* [TASK TO COMPLETE]
The listing is to be reproduced exactly, excluding its pictures.

* [ENTRIES SHOWN]
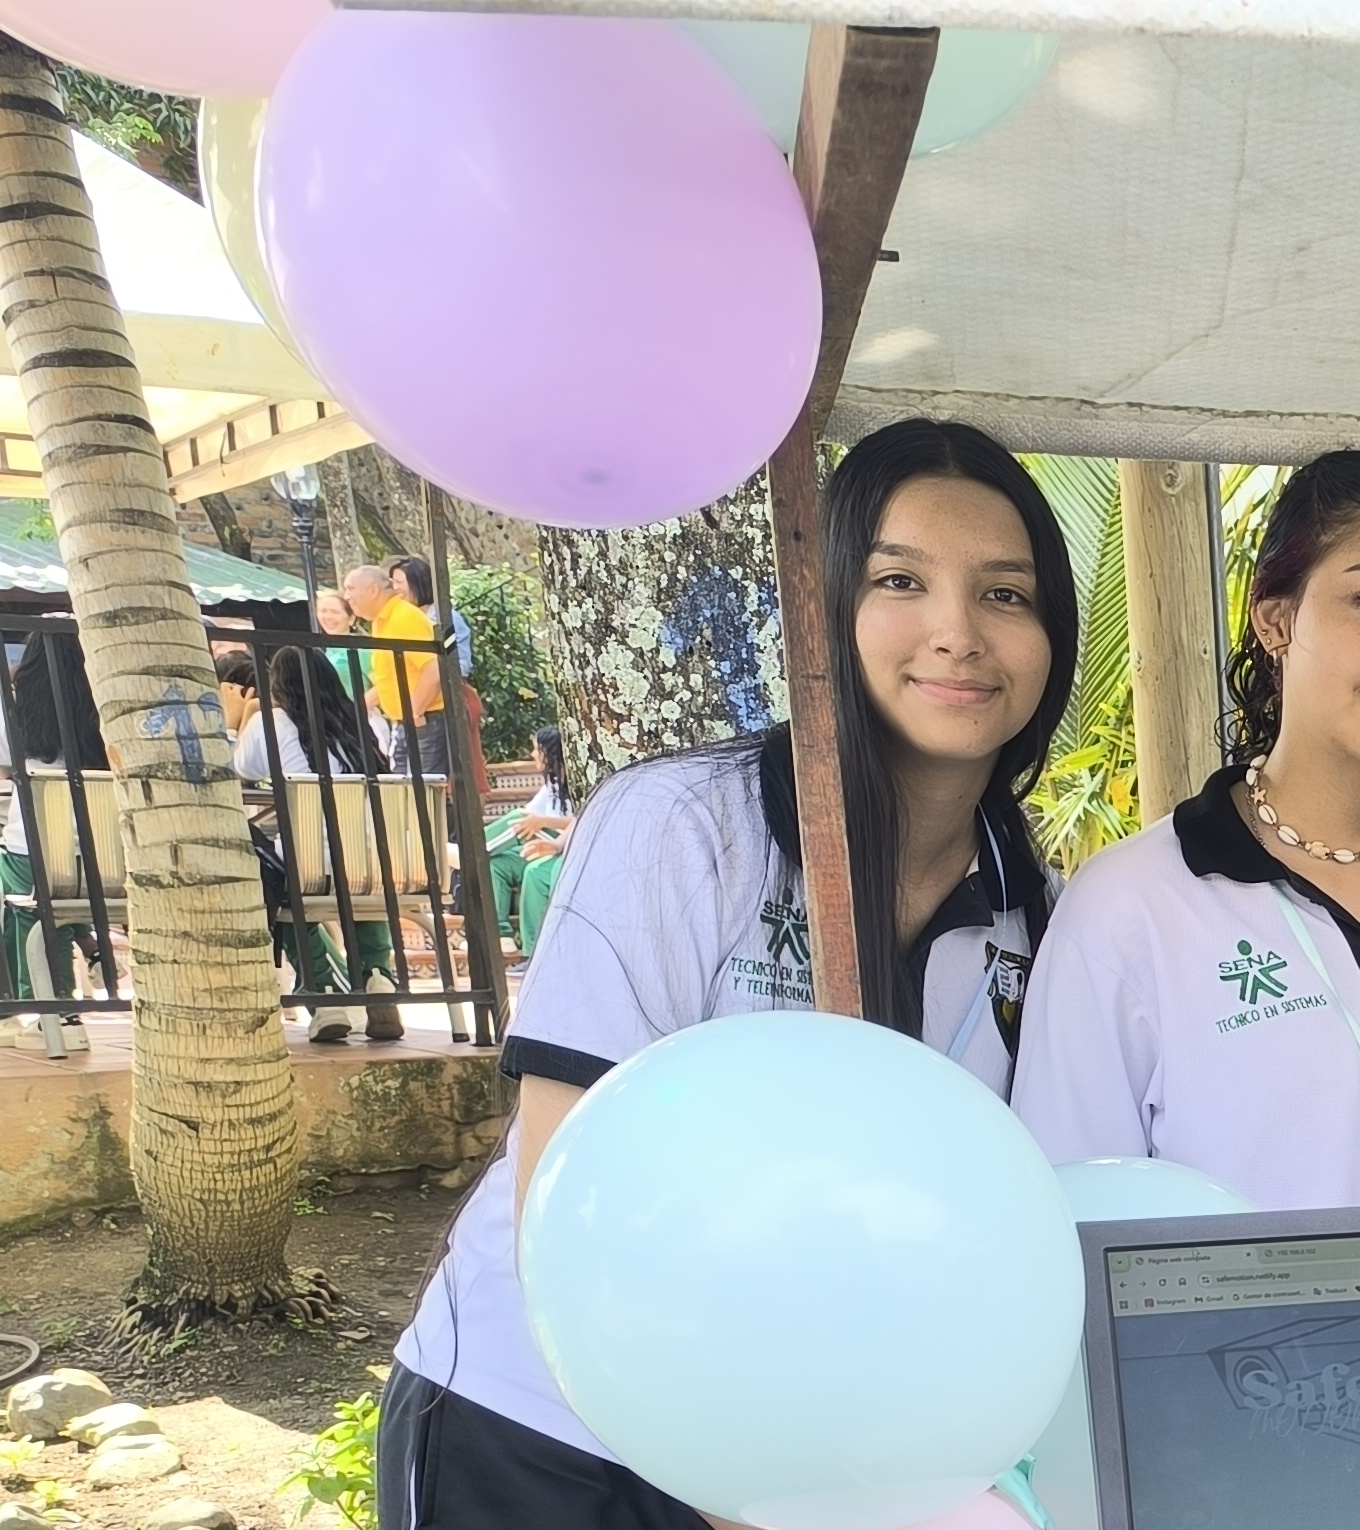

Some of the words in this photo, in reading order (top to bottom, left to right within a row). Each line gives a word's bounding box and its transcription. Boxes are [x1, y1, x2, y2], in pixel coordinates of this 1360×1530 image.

[1219, 951, 1282, 973] SENA
[734, 976, 741, 991] Y
[1216, 1010, 1260, 1033] TECNICO
[1264, 1005, 1279, 1018] EN
[1281, 995, 1327, 1013] SISTEMAS

* [RESPONSE FOR THIS EXERCISE]
Some of the words in this photo, in reading order (top to bottom, left to right within a row). Each line gives a word's bounding box and its transcription. Boxes are [x1, y1, x2, y2], in pixel coordinates of this 1360×1530 image.

[1219, 951, 1282, 973] SENA
[734, 976, 741, 991] Y
[1216, 1010, 1260, 1033] TECNICO
[1264, 1005, 1279, 1018] EN
[1281, 995, 1327, 1013] SISTEMAS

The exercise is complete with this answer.